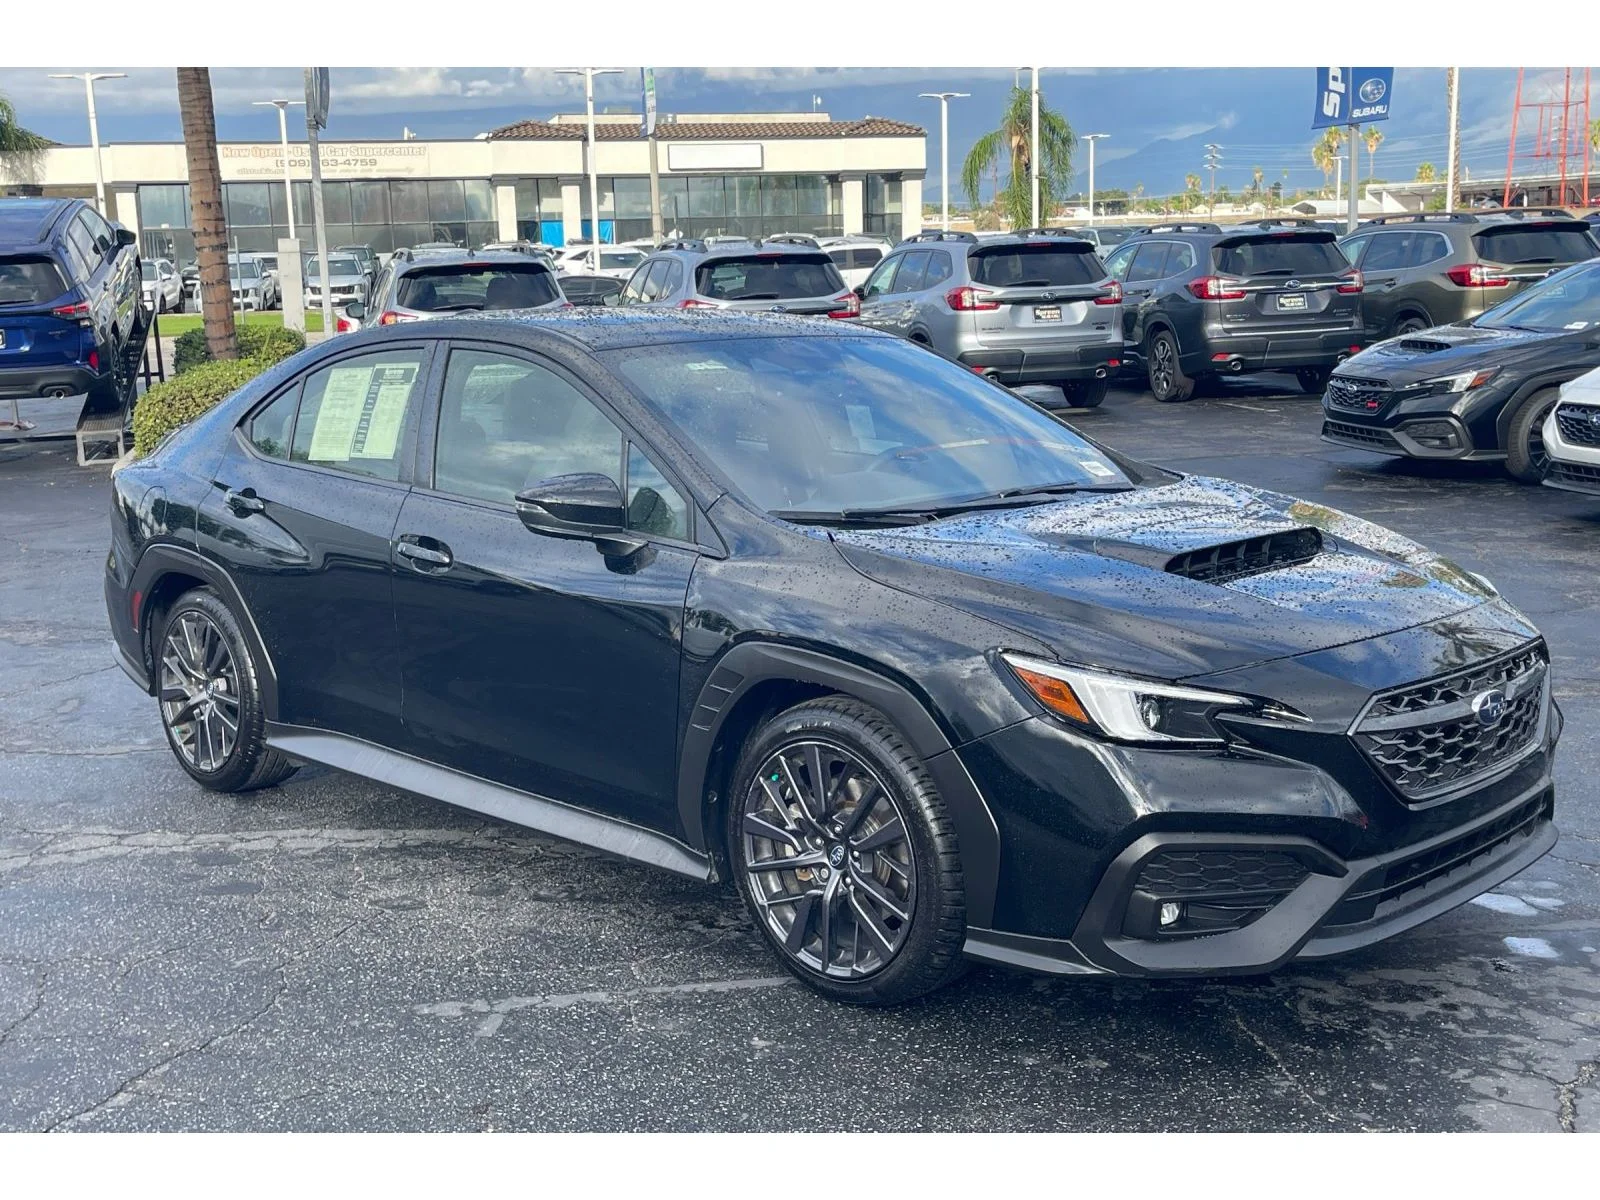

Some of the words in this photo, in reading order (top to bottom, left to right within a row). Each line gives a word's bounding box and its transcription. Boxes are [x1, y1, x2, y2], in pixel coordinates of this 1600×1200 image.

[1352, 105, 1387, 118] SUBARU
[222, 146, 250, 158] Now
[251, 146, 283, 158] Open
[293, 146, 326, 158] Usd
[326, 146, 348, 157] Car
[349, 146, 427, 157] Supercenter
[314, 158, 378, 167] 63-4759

Prompt:
Please give every line above again word for word, apart from the pictures.

Expected answer:
Some of the words in this photo, in reading order (top to bottom, left to right within a row). Each line gives a word's bounding box and its transcription. Boxes are [x1, y1, x2, y2], in pixel coordinates of this 1600×1200 image.

[1352, 105, 1387, 118] SUBARU
[222, 146, 250, 158] Now
[251, 146, 283, 158] Open
[293, 146, 326, 158] Usd
[326, 146, 348, 157] Car
[349, 146, 427, 157] Supercenter
[314, 158, 378, 167] 63-4759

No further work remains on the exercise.